Nvidia, SpaceX, and Quantum: The 48 Hours That Reshaped Markets-What Comes Next

In the space of just 48 hours, three genuinely historic events landed on global markets. On Wednesday 20 May 2026, Nvidia reported the most consequential earnings print of the year, and on the very same day, SpaceX filed the prospectus for what will be the largest IPO in the history of the United States, targeting a $1.75 to $2 trillion valuation. Less than 24 hours later, the Trump administration confirmed a $2 billion industrial-policy bet on quantum computing, taking direct federal equity stakes in nine companies.

This is not three separate stories. It is one story-about a market that is no longer worrying about whether the AI cycle is real, and is now openly pricing what comes after it. Our view is that this 48-hour window has materially validated the constructive stance we have held throughout this cycle, while also introducing one new structural risk our clients need to understand.

In this article, our team breaks down what Nvidia reported, what the SpaceX IPO means for index investors, what the new federal quantum programme says about the next compute paradigm, and the risk factors we are watching closely.

If you missed our previous piece on what was driving the spring pullback and why we remained bullish, you can read it here: Why Are Markets Falling? Is the AI Rally Over, or Is This a Buying Opportunity?

What Did Nvidia Just Report-and Why Does It Matter?

This was not a routine beat. This was a generational print.
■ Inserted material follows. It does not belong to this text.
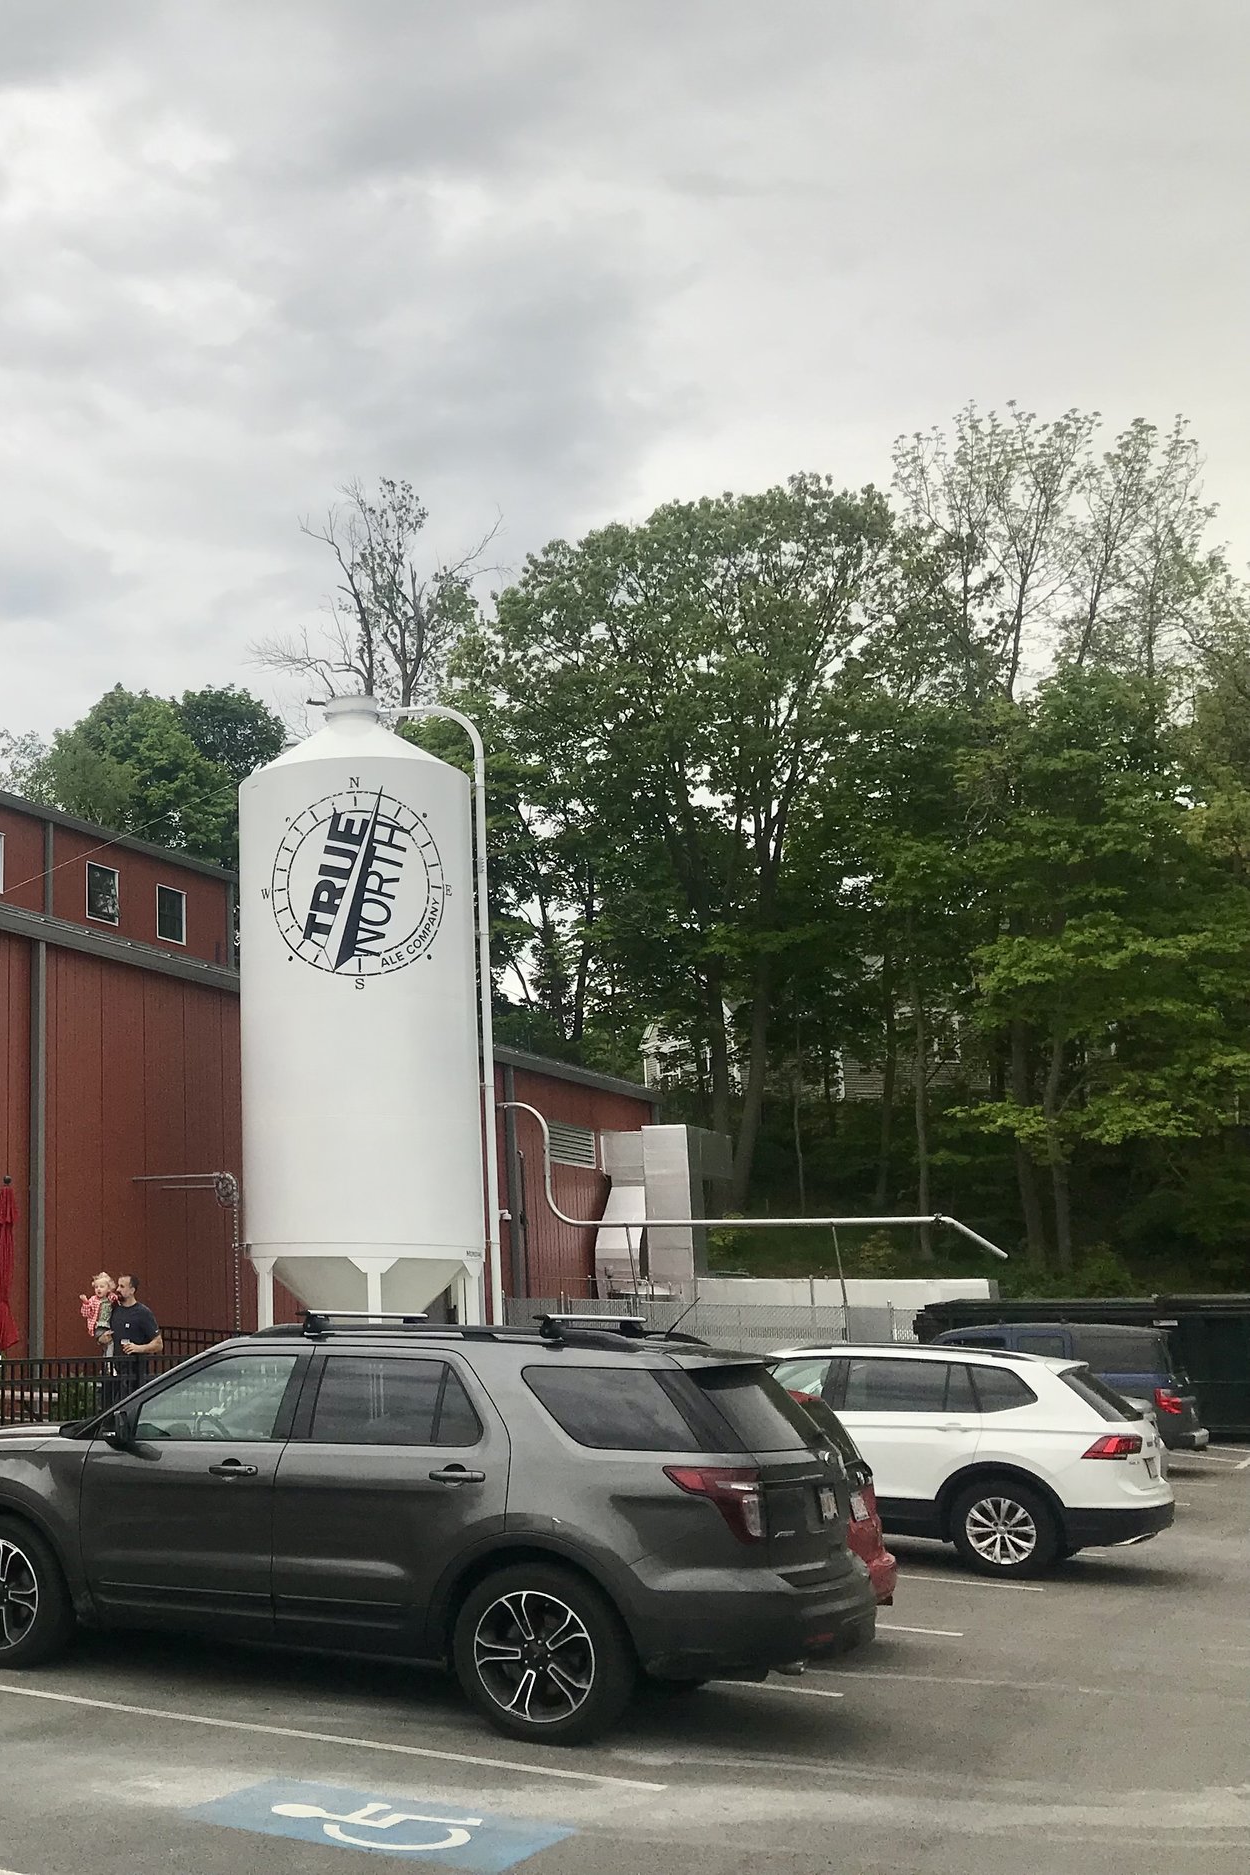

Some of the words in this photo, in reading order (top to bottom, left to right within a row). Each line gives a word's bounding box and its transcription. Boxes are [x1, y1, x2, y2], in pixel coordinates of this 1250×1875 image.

  • Revenue of $81.6 billion — up 85% year over year, ahead of the $78.8 billion consensus
  • Data Centre revenue of $75.2 billion — up 92% year over year, now larger than the entire annual revenue base of most semiconductor peers
  • Non-GAAP EPS of $1.87 — ahead of the $1.77 consensus
  • Q2 FY27 guidance of $91.0 billion at the midpoint — another double-digit sequential step-up
  • An additional $80 billion share buyback and a 25x increase in the quarterly dividend
  • $50.3 billion in net cash from operations in a single quarter — nearly double the prior year

Perhaps more important than the numbers was the tone from the earnings call. CEO Jensen Huang closed with what may be the most quoted line of this earnings season: “This was an extraordinary quarter. Demand has gone parabolic. The reason is simple: Agentic AI has arrived.” Huang confirmed that Nvidia is now “the only platform that runs every frontier AI model”-and that hyperscaler capex from Microsoft, Google, Meta, and Amazon is still translating into actual shipments rather than press releases.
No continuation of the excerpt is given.